Julieta Gil’s Fragmentos: Los Verdaderos Colores de Bellas Artes (2016), imagines the destruction of Mexico City’s Palace of Fine Arts by presenting, quite literally, 3-D printed fragments of its shattered façade. The palace was commissioned by former president, Porfirio Díaz, in 1904, who envisioned Mexico as French architect Georges-Eugène Haussmann did during the renovation of Paris (via wider boulevards and the building of civic structures like opera houses). Mexico City’s Palace is a neoclassical landmark, but also a site of power anchored in the aristocratic opulence that marked Diaz’s 31-year regime during the 19th century—a period that Gil refers to as a “dictatorship” in lectures, though it is rarely regarded as such in official records. Here, its smooth white marble surface is broken, turned into soft pink and purple debris, weightless and frail.
In thinking about history’s fragments, I am reminded about the missionary work of Franciscan friars who contributed to the evangelization of New Spain. Through an ancestral technique known as Tatzingueni, María Sosa’s sculpture, made from sugar cane, embodies a newborn-sized infant carrying miniature illustrations of churches, friars, and demons inside its concave belly. Her choice of material points, perhaps implicitly, to the labor exploitation that enslaved people—a sector that priests defended from Spanish troops by deeming them defenseless and weak—endured in sugar plantations. Débora Delmar takes a similar approach but from a postmodern perspective. Her glazed porcelain espresso machine, titled Oblo White (2016), resembles the mass-produced commodities, pointing to the extractivism of foreign corporations. While Nescafé finances coffee plantations in Veracruz, Starbucks sells roasted coffee beans across Mexico.
Installed on a lower floor in the gallery space, darkened by the absence of windows and stripped walls, Paloma Contreras Lomas’ video El más allá Mexicano (2020), or “the Mexican beyond,” was filmed with a phone camera, and features a male narrator describing (and sometimes fetishizing) the desolate landscape of Sierra Hermosa, a small mining town in Zacatecas. His voice exhibits traces of guilt, questioning his position as an artist, an onlooker meeting miners bound to the arid climate and yellowed pastures. The video complicates our relationship to The Beyond, inviting us as viewers to identify with the narrator, an uncomfortable spectator observing how others write their own histories.

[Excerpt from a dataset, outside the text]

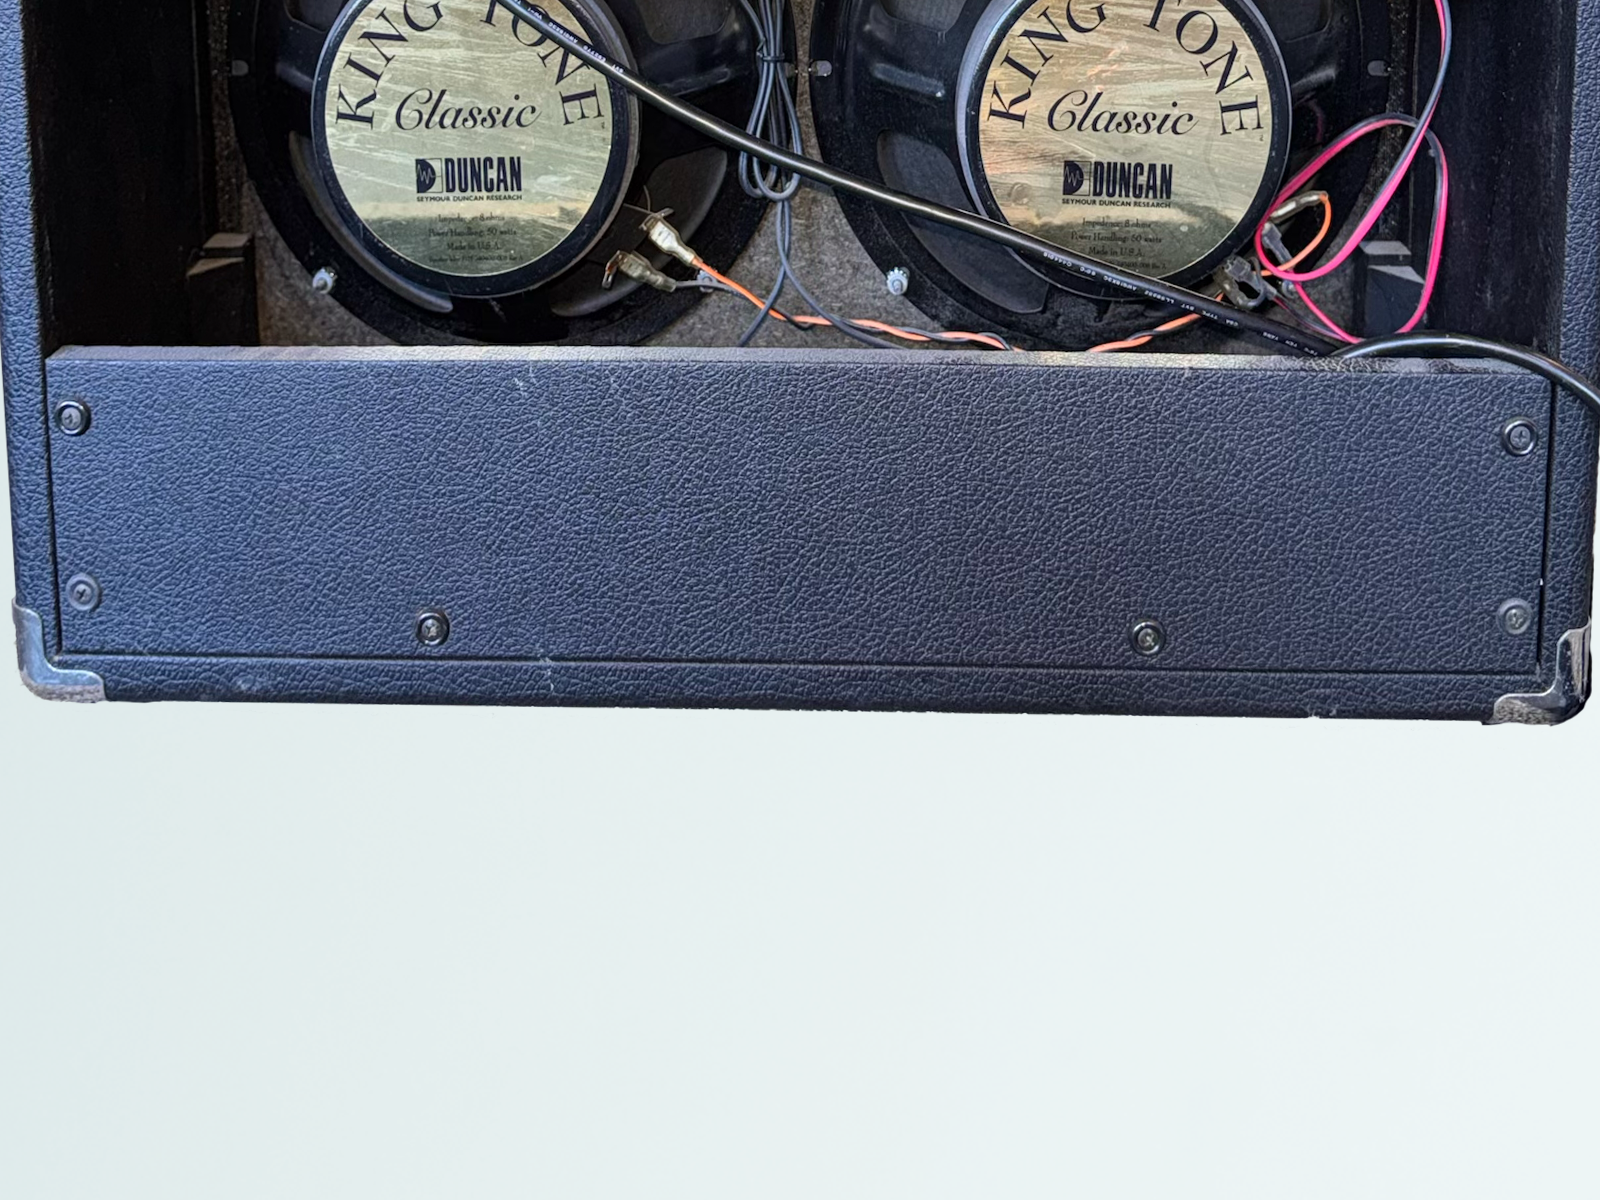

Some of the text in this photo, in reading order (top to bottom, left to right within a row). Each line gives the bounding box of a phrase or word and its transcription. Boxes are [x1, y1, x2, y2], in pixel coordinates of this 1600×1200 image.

Though most sculptures at The Beyond rest on wooden pedestals, Samuel Guerrero’s laser engraved glass sculptures sit on metallic plinths, lit from below. In one of them, cyborg-like beings kiss and caress, affirming the possibility of a queer futurity. In the other, a nude woman floats above the Coyolxauhqui—an archeological relic representative of the Aztec moon goddess. A question written below in Spanish reads: “Little star, are you looking for a place to land?” The question serves as a reminder that the stories found in The Beyond resist easy decoding, and instead hint at themes in coded language. They are not based on fiction, but rather carry historical interpretations that demand careful contemplation.
The Beyond runs from February 16–April 2, 2022 at Base Agency (110 W. 11th St., Los Angeles, CA 90015).